Data shown —
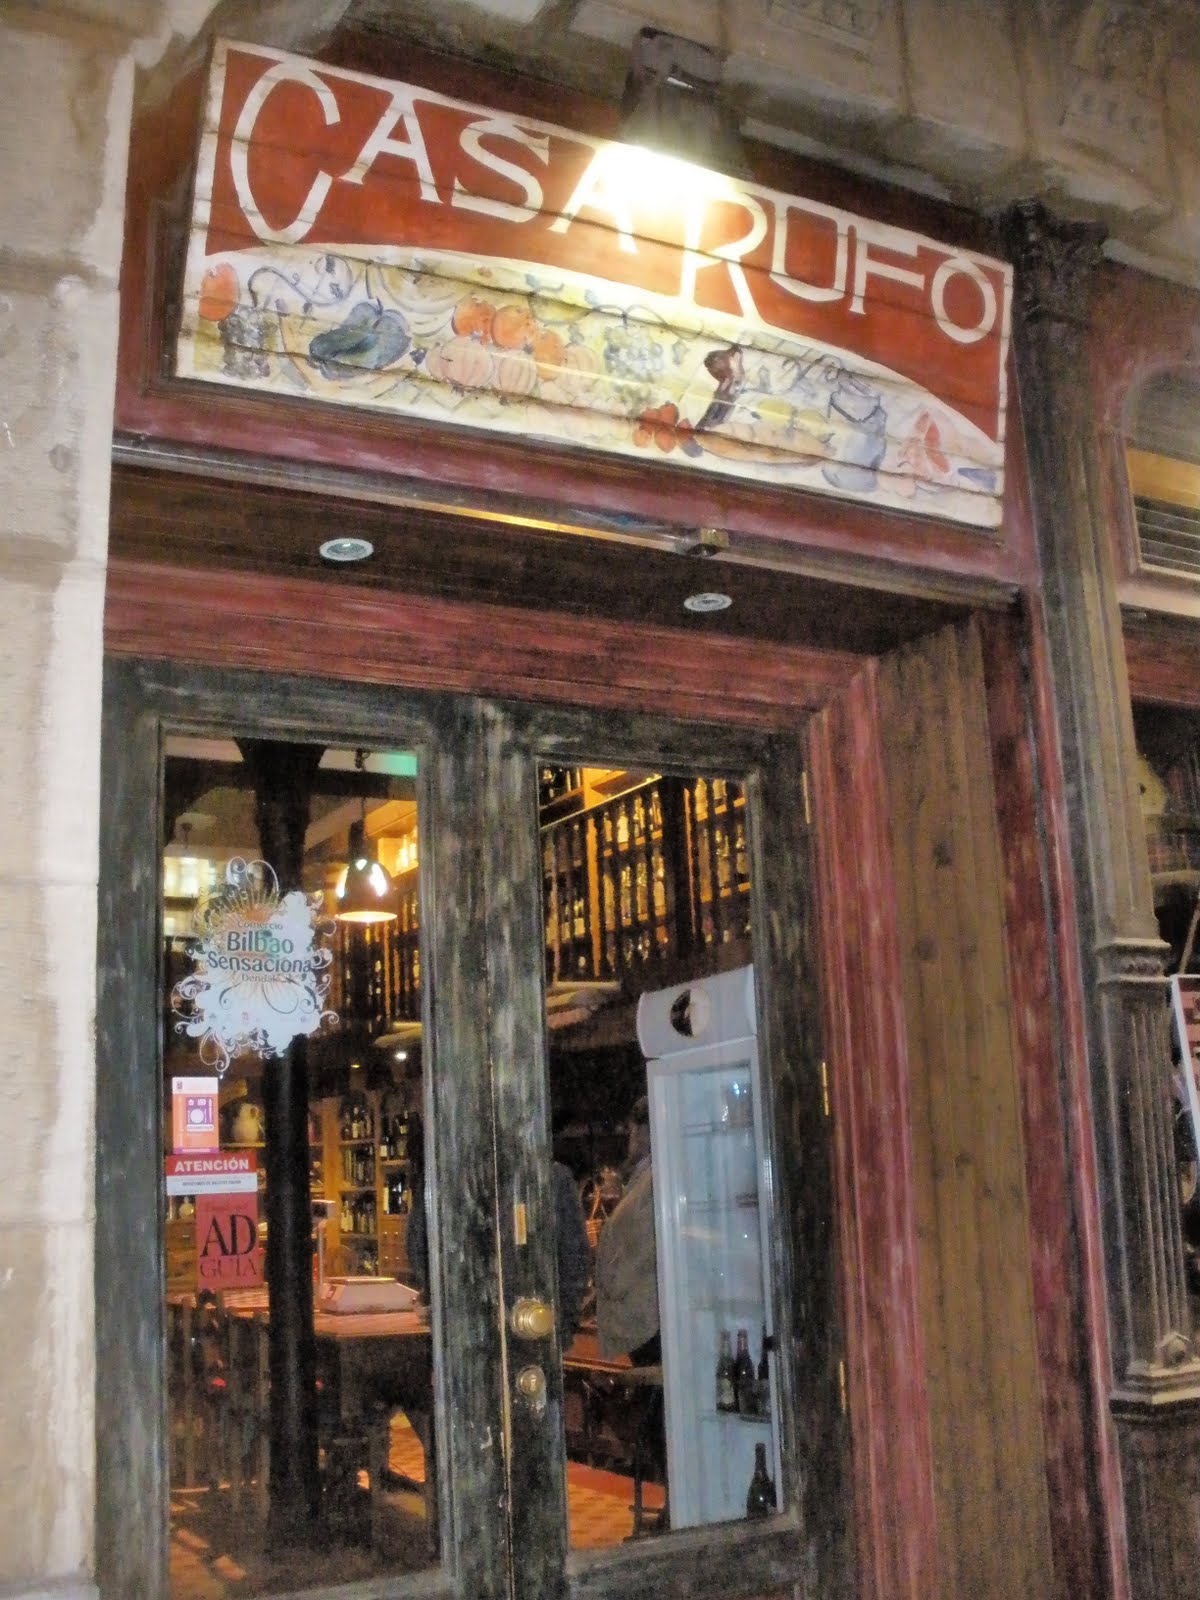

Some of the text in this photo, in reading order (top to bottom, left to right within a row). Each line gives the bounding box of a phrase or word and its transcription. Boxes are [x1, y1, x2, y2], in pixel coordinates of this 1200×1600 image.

[228, 58, 998, 345] CASA RUFO
[227, 930, 294, 954] Bilbao
[174, 1156, 249, 1173] ATENCIÓN
[199, 1214, 257, 1257] AD
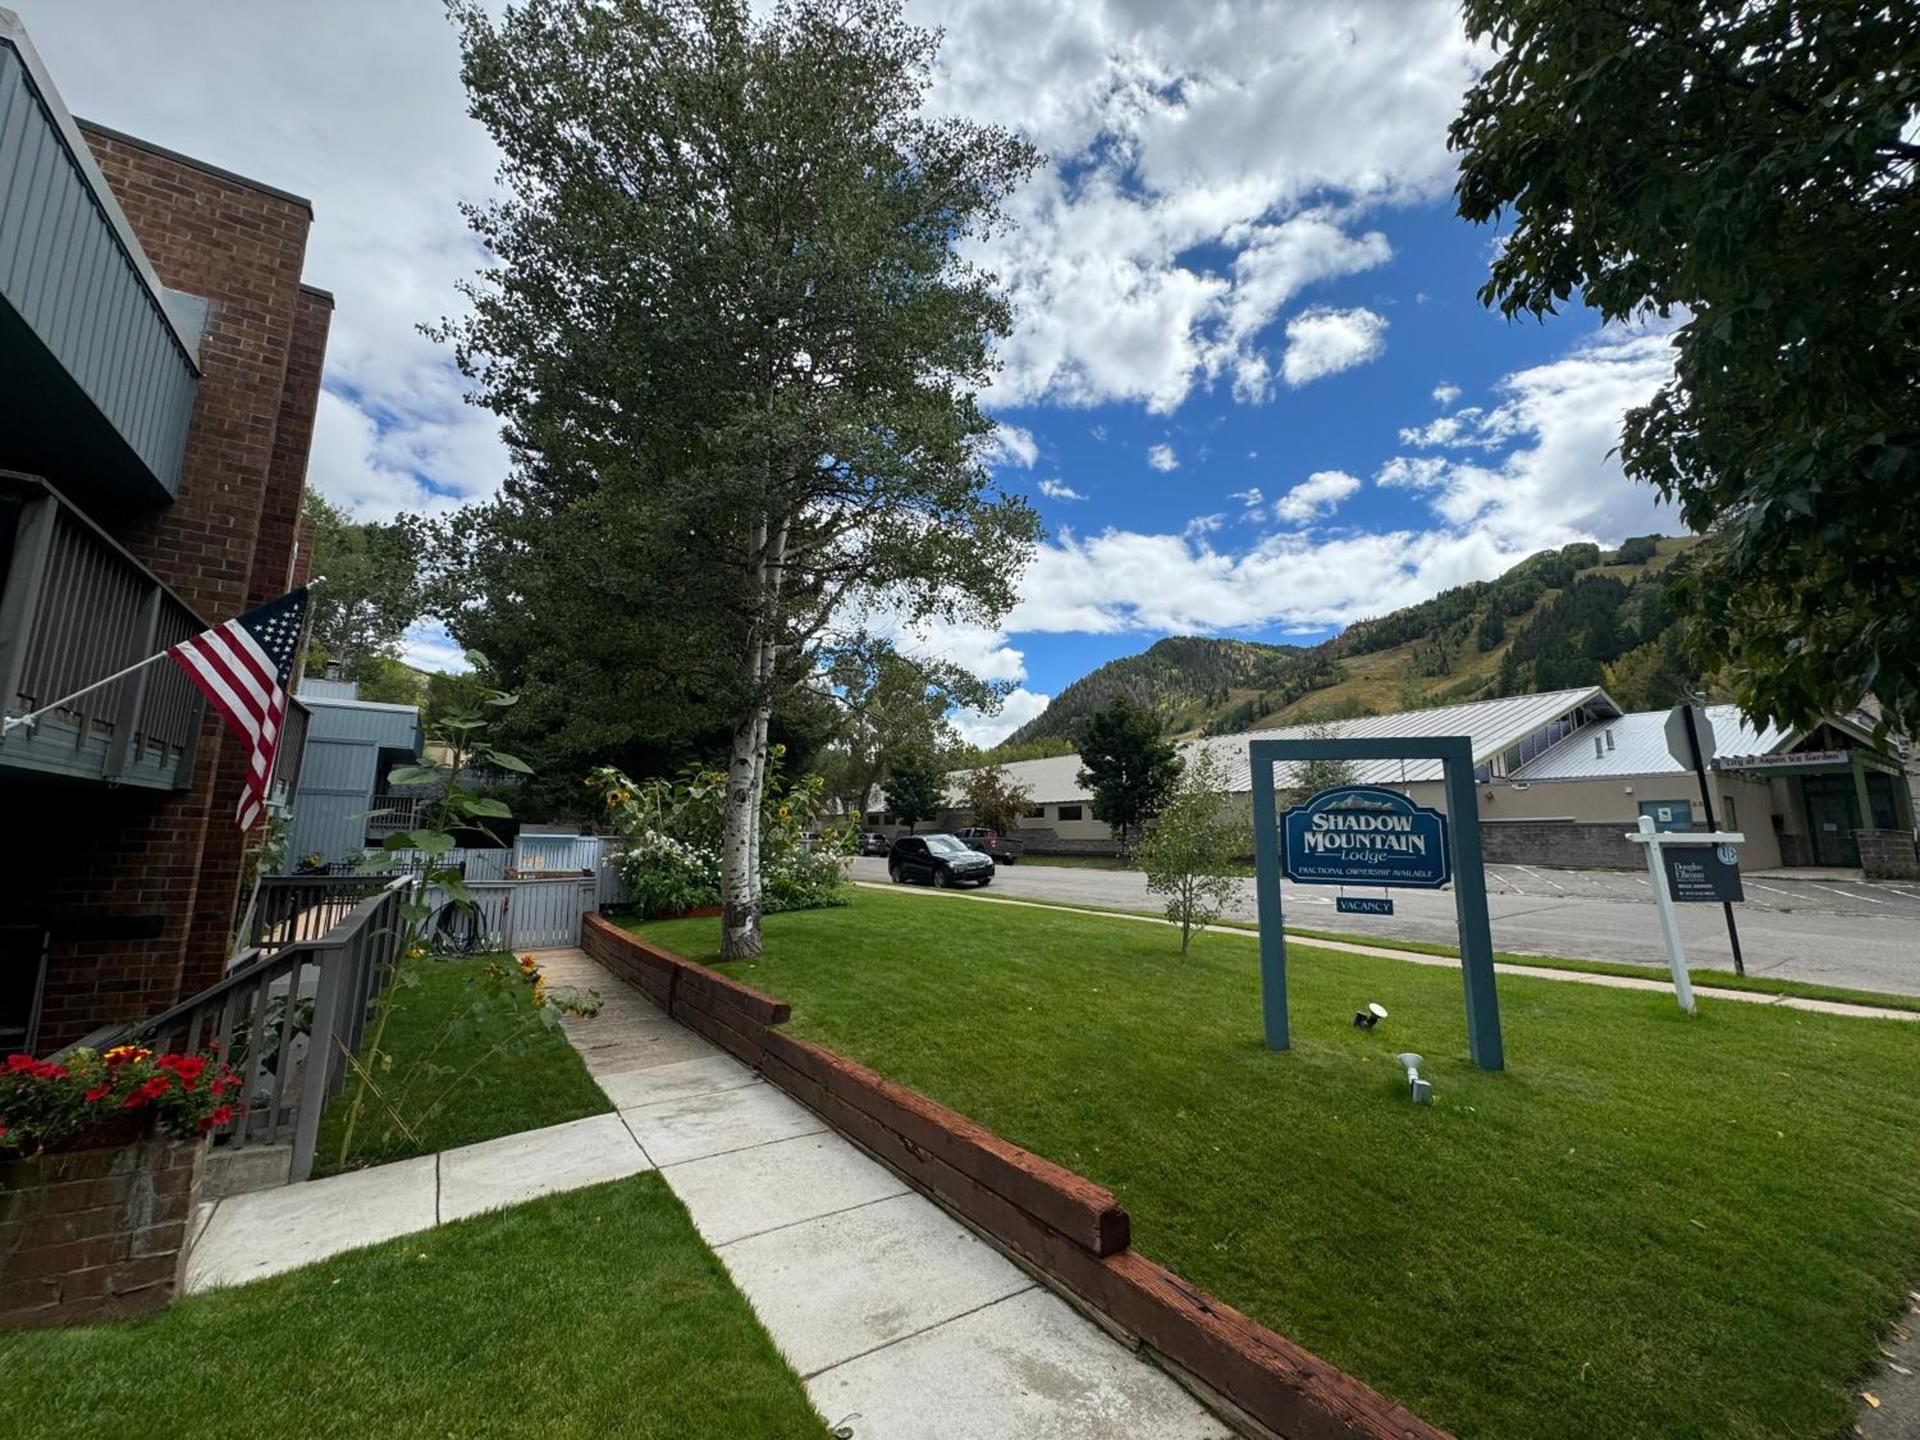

Problem details — Retype the whole listing, keeping every line identical and omitting all pictures.

Answer to this problem —
Some of the text in this photo, in reading order (top to bottom, left to right within a row). Each line gives the bounding box of a phrase or word and its transcription. Boxes are [x1, y1, x2, y2], in pixel coordinates of this 1200×1600 image.

[228, 58, 998, 345] CASA RUFO
[227, 930, 294, 954] Bilbao
[174, 1156, 249, 1173] ATENCIÓN
[199, 1214, 257, 1257] AD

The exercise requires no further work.